The idea is simple: any patient or family member can bypass the typical chain-of-command and call what is essentially a medical "SWAT team" to quickly assess the patient and intervene when lifesaving care may be needed. A nurse or any other healthcare provider can also summon the team. Most teams include a highly trained critical care nurse and a respiratory therapist, and many teams include a physician or nurse practitioner. Unlike the traditional medical team that responds when a patient stops breathing or the heart stops beating (cardiac arrest), the RRT intervenes before these often fatal adverse outcomes occur. The goal of RRTs is to identify seriously ill patients, at-risk patients, and patients whose condition is deteriorating unexpectedly, and to trigger an urgent response by clinicians who have the skills and knowledge to deal with the emergency before the patient worsens or dies.

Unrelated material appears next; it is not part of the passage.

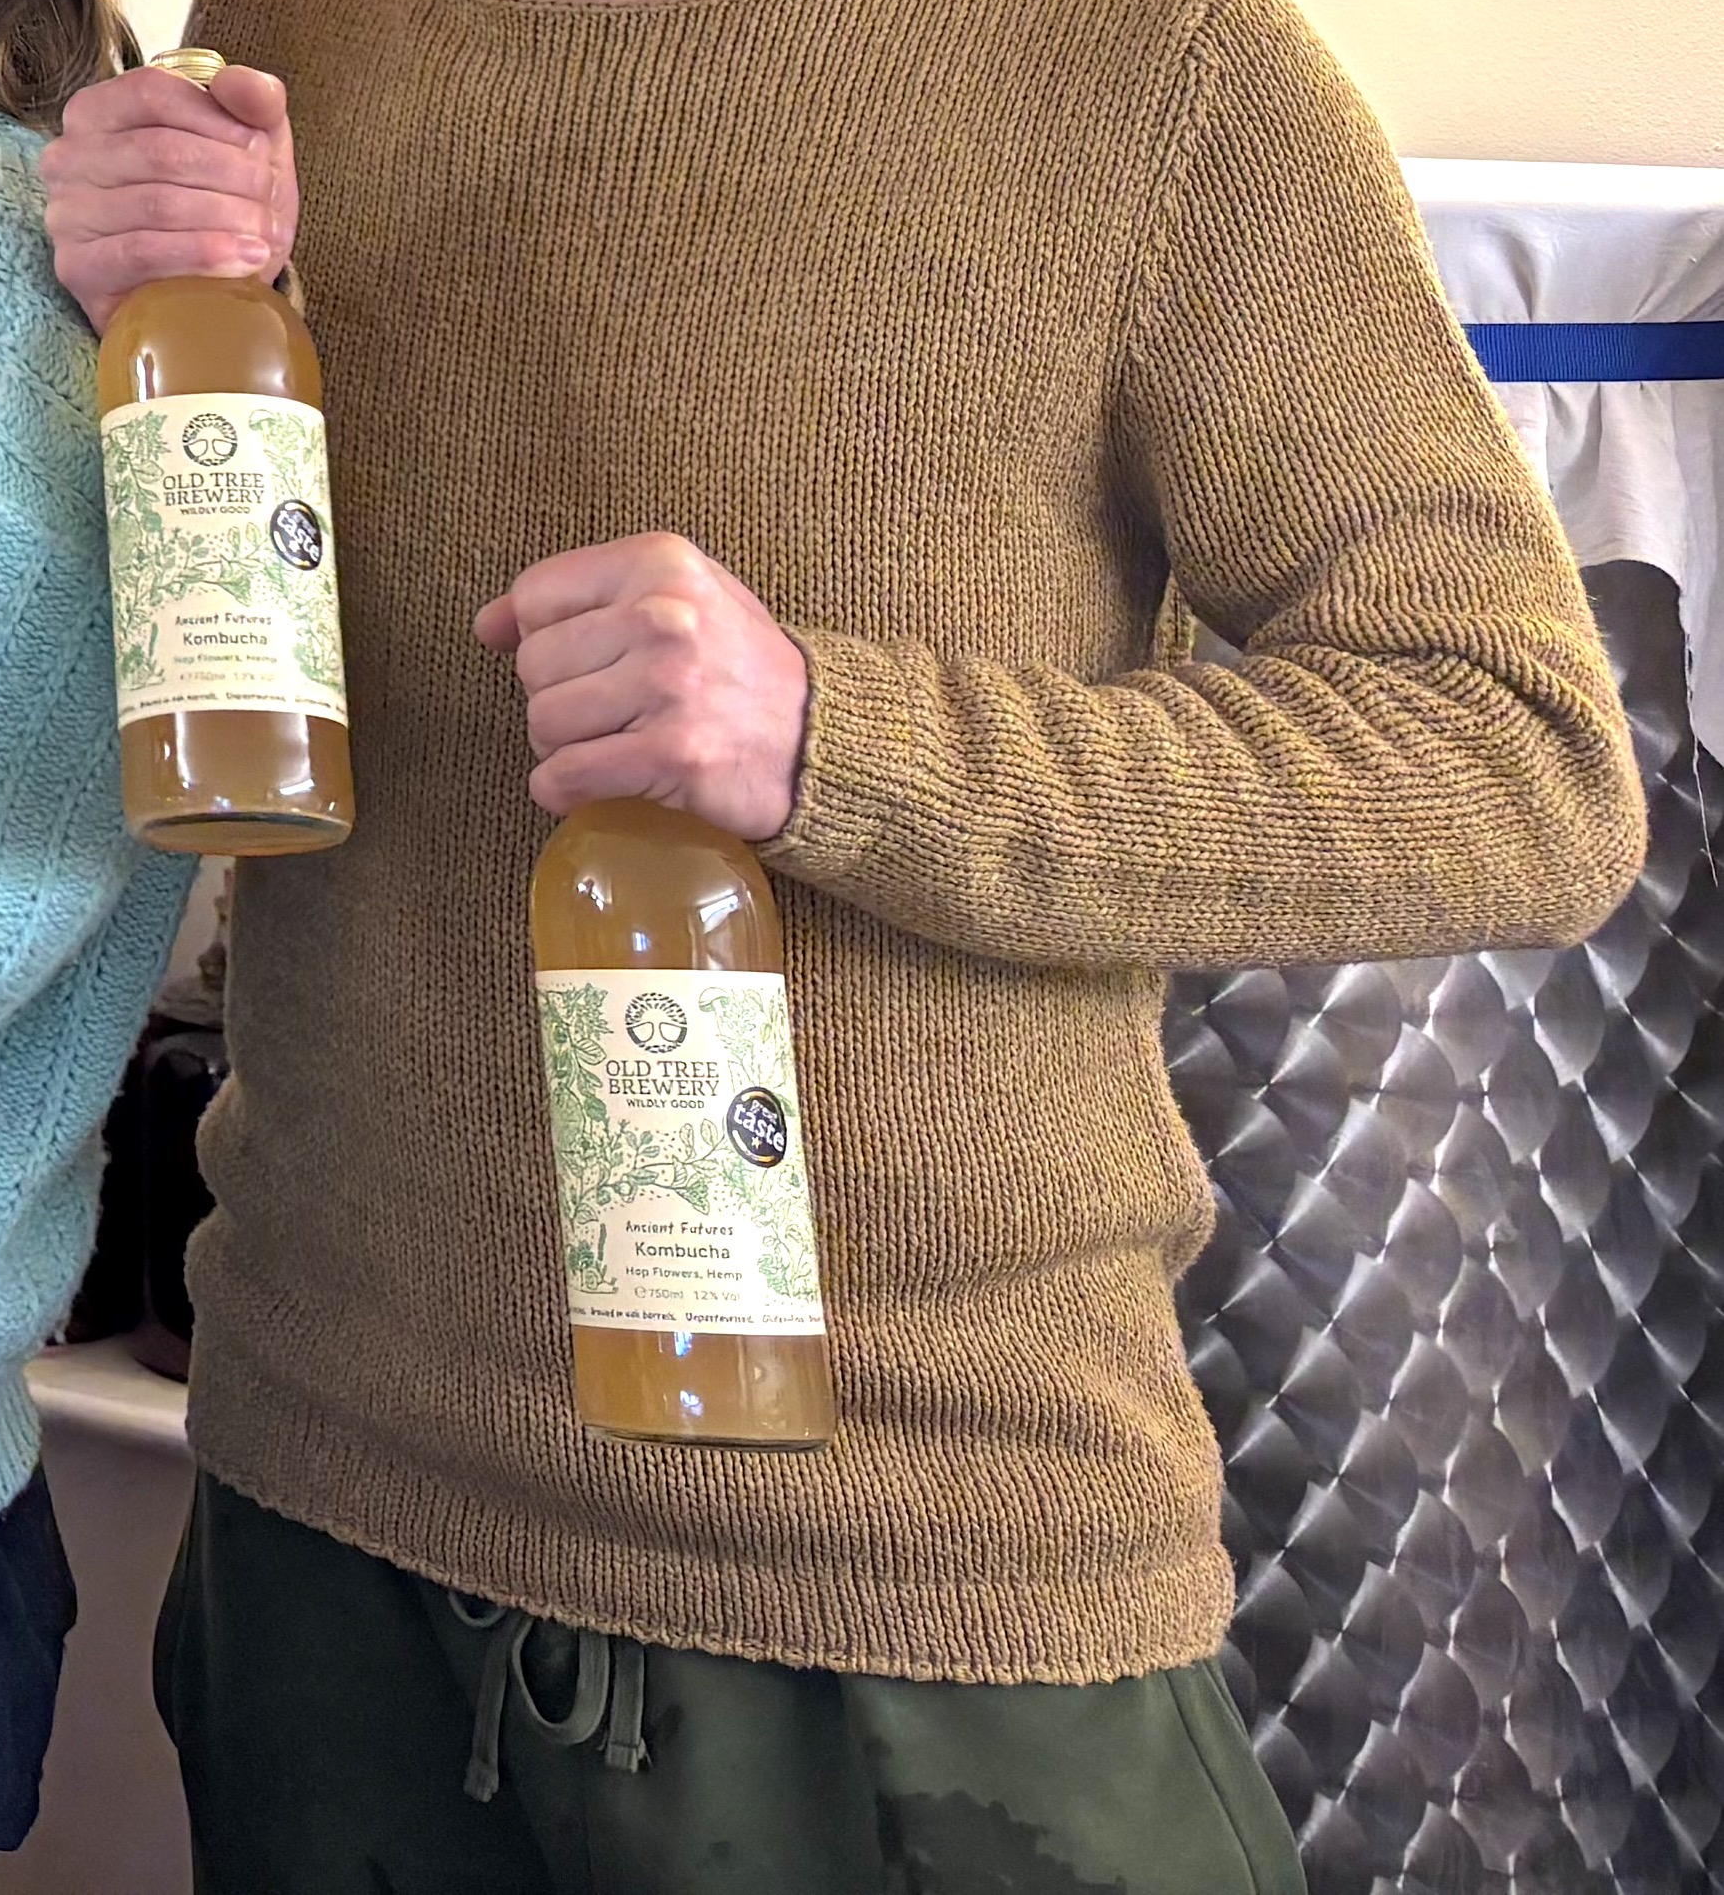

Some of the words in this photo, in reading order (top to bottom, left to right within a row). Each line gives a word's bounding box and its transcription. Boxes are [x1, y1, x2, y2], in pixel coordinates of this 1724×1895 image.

Almost a decade ago, the University of Pittsburgh Medical Center (UPMC) Shadyside was perhaps the first hospital in the nation to invite patients and families to call for a RRT to address unresolved concerns about their safety and health. Upon admission, patients and family members were encouraged to pick up any phone in the hospital to report a Condition H (for "help") if they:

  • Fear something is seriously wrong with the patient and have expressed their concerns without validation or recognition of its importance.

  • Experience a communication failure with the healthcare team.

  • Become confused about the patient's care.

  • Need to know where to voice concerns about the patient's deteriorating clinical condition.

  • Feel something about the patient's condition is "just not right."

Today, RRTs are widely used in hospitals. The general concept is sound—if we encourage all who observe the patient, including the family and patient himself, to call for help when needed, and if we send in a team of the right people with the right skills and knowledge at the right time, we should be able to rescue patients before their breathing or heart stops (cardiac arrest).

The results of studies to determine whether these teams work have been mixed. For example, a 2010 study found that RRTs reduced the risk of cardiac arrest in adults by 34%. But the number of patients who died in the hospital was not significantly lower. With children, the study found that RRTs reduced the risk of cardiac arrest by 38% and the risk of death by 21%. A more recent analysis published in 2014 found that RRTs may reduce cardiac arrests by up to 50% and deaths during hospitalization by up to 33%. So, there is some evidence that allowing staff, patients, and families to summon a RRT can save lives. If you or a family member is hospitalized, ask if they have a patient-activated RRT program.